▶ **Work required**:
A faithful, complete copy of the entries below is required, with images removed.

▶ **Supplied information**:

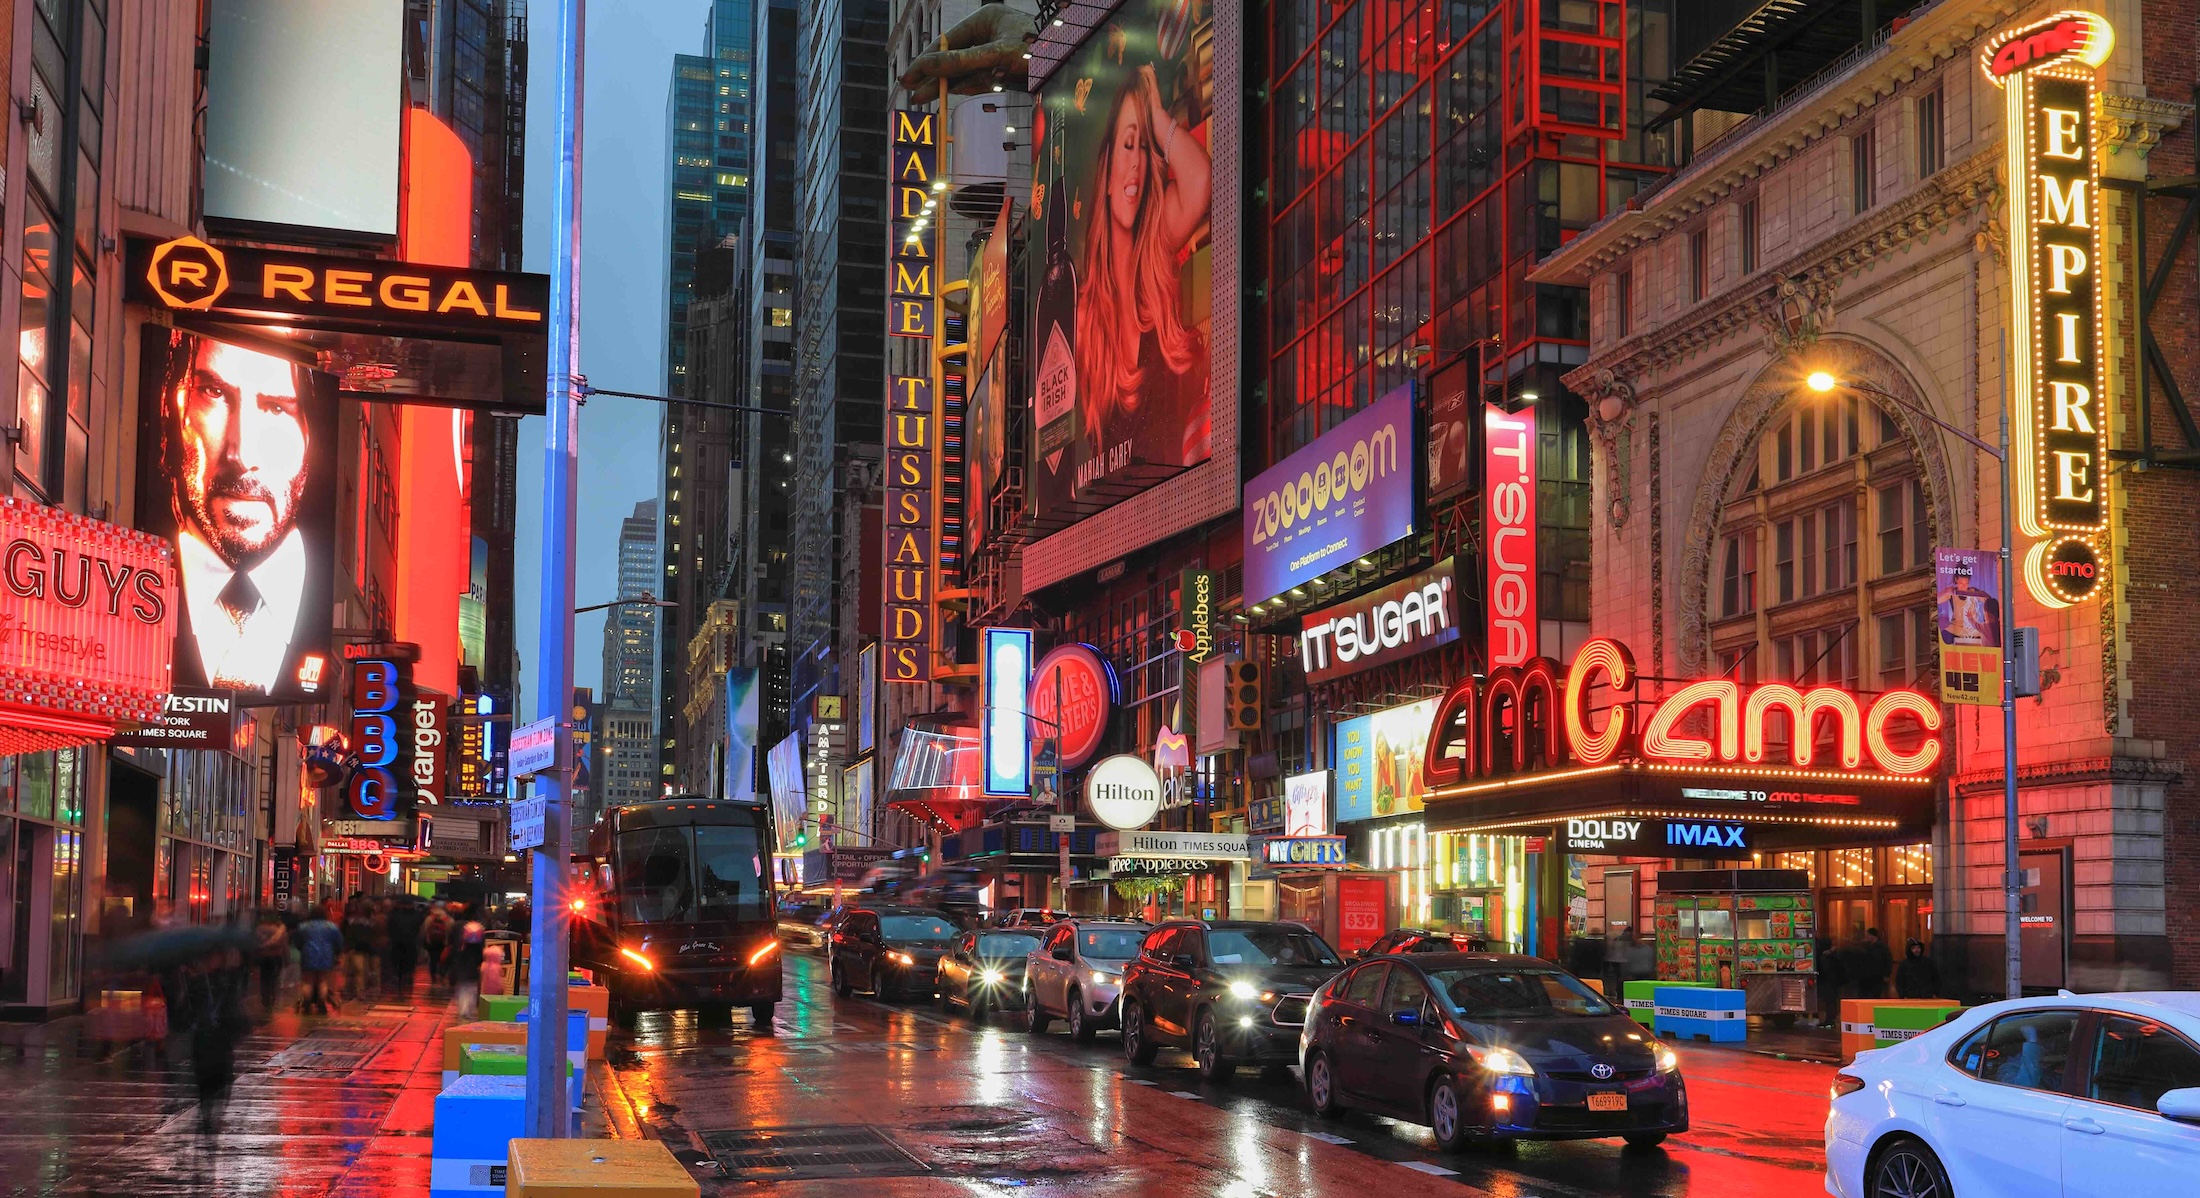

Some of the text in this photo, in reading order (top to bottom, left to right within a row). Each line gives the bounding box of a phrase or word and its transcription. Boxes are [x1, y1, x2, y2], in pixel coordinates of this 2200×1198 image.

[896, 112, 933, 334] MADAME
[171, 261, 208, 287] R
[263, 263, 541, 321] REGAL
[2039, 107, 2096, 502] EMPIRE
[1041, 366, 1069, 396] BLACK
[1043, 385, 1066, 412] IRISH
[1078, 438, 1132, 489] MARIAH CAREY
[892, 377, 925, 679] TUSSAUD'S
[1493, 420, 1530, 665] IT'SUGA
[1290, 537, 1348, 571] One Platform to Connect
[1940, 552, 1977, 564] Let's get
[4, 538, 166, 625] GUYS
[1940, 566, 1973, 576] started
[1189, 574, 1212, 664] Applebee's
[1301, 582, 1447, 674] IT'SUGAR
[18, 621, 106, 660] freestyle
[1945, 652, 1997, 673] NEW
[1080, 671, 1095, 697] &
[1946, 672, 1979, 692] 42
[1947, 693, 1980, 702] New42.org
[164, 717, 190, 726] YORK
[463, 698, 477, 756] VICTRY
[168, 730, 207, 739] SQUARE
[350, 660, 399, 820] BBQ
[413, 700, 441, 785] target
[1347, 730, 1360, 744] YOU
[1344, 745, 1363, 760] KNOW
[1347, 762, 1360, 776] YOU
[817, 724, 829, 837] AMSTERD
[1344, 778, 1363, 792] WANT
[1096, 783, 1154, 801] Hilton
[1350, 794, 1357, 808] IT
[1750, 791, 1767, 801] TO
[1134, 837, 1177, 850] Hilton
[1183, 841, 1214, 851] TIMES
[1568, 820, 1746, 848] DOLBY IMAX
[1568, 839, 1604, 849] CINEMA
[350, 840, 379, 850] BBQ
[1270, 841, 1344, 863] MY GIFTS
[1348, 914, 1375, 928] $39
[1660, 1007, 1707, 1018] TIMES SQUARE
[1881, 1030, 1903, 1039] TIMES
[1591, 1096, 1624, 1107] T669919C
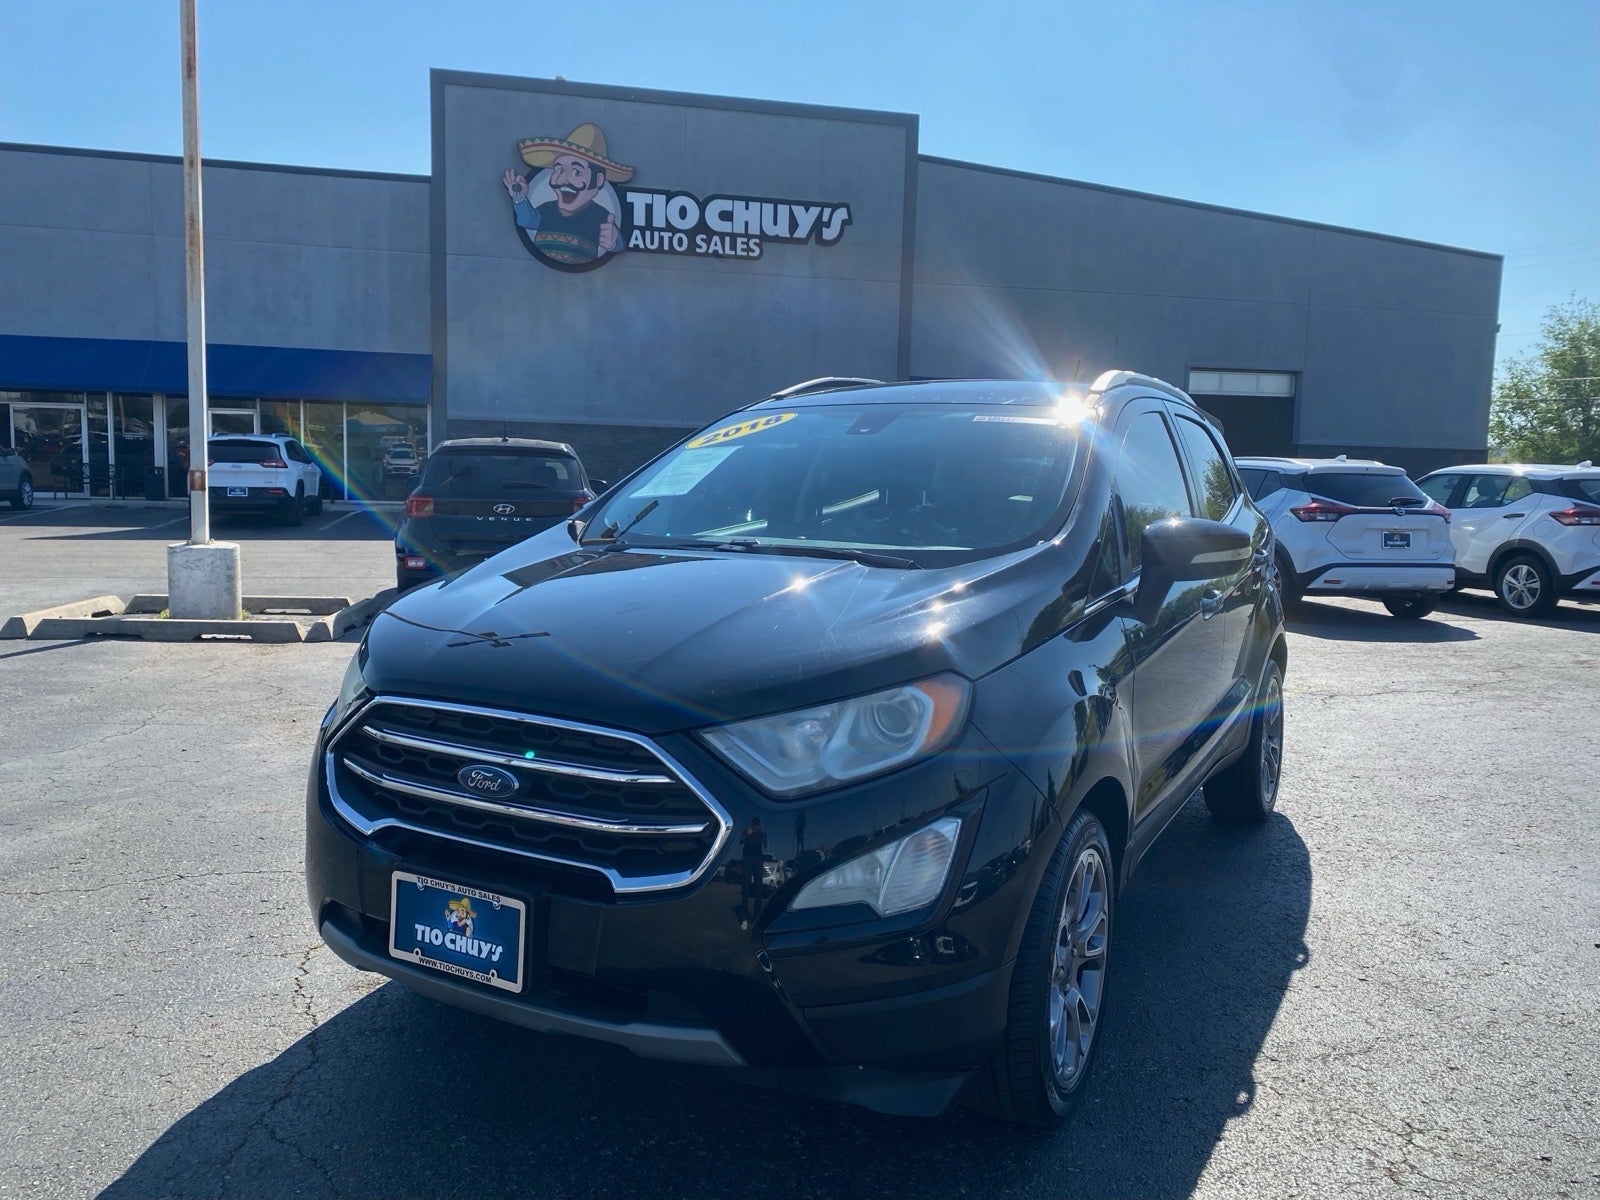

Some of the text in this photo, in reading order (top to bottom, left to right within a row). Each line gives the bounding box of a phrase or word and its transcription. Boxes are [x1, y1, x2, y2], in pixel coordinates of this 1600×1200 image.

▶ **Your response**:
Some of the text in this photo, in reading order (top to bottom, left to right within a row). Each line gives the bounding box of a phrase or word and its transcription. Boxes are [x1, y1, x2, y2], in pixel coordinates of this 2200×1198 image.

[896, 112, 933, 334] MADAME
[171, 261, 208, 287] R
[263, 263, 541, 321] REGAL
[2039, 107, 2096, 502] EMPIRE
[1041, 366, 1069, 396] BLACK
[1043, 385, 1066, 412] IRISH
[1078, 438, 1132, 489] MARIAH CAREY
[892, 377, 925, 679] TUSSAUD'S
[1493, 420, 1530, 665] IT'SUGA
[1290, 537, 1348, 571] One Platform to Connect
[1940, 552, 1977, 564] Let's get
[4, 538, 166, 625] GUYS
[1940, 566, 1973, 576] started
[1189, 574, 1212, 664] Applebee's
[1301, 582, 1447, 674] IT'SUGAR
[18, 621, 106, 660] freestyle
[1945, 652, 1997, 673] NEW
[1080, 671, 1095, 697] &
[1946, 672, 1979, 692] 42
[1947, 693, 1980, 702] New42.org
[164, 717, 190, 726] YORK
[463, 698, 477, 756] VICTRY
[168, 730, 207, 739] SQUARE
[350, 660, 399, 820] BBQ
[413, 700, 441, 785] target
[1347, 730, 1360, 744] YOU
[1344, 745, 1363, 760] KNOW
[1347, 762, 1360, 776] YOU
[817, 724, 829, 837] AMSTERD
[1344, 778, 1363, 792] WANT
[1096, 783, 1154, 801] Hilton
[1350, 794, 1357, 808] IT
[1750, 791, 1767, 801] TO
[1134, 837, 1177, 850] Hilton
[1183, 841, 1214, 851] TIMES
[1568, 820, 1746, 848] DOLBY IMAX
[1568, 839, 1604, 849] CINEMA
[350, 840, 379, 850] BBQ
[1270, 841, 1344, 863] MY GIFTS
[1348, 914, 1375, 928] $39
[1660, 1007, 1707, 1018] TIMES SQUARE
[1881, 1030, 1903, 1039] TIMES
[1591, 1096, 1624, 1107] T669919C

Some of the text in this photo, in reading order (top to bottom, left to right within a row). Each line gives the bounding box of a phrase or word and its transcription. Boxes are [x1, y1, x2, y2], in pixel coordinates of this 1600×1200 image.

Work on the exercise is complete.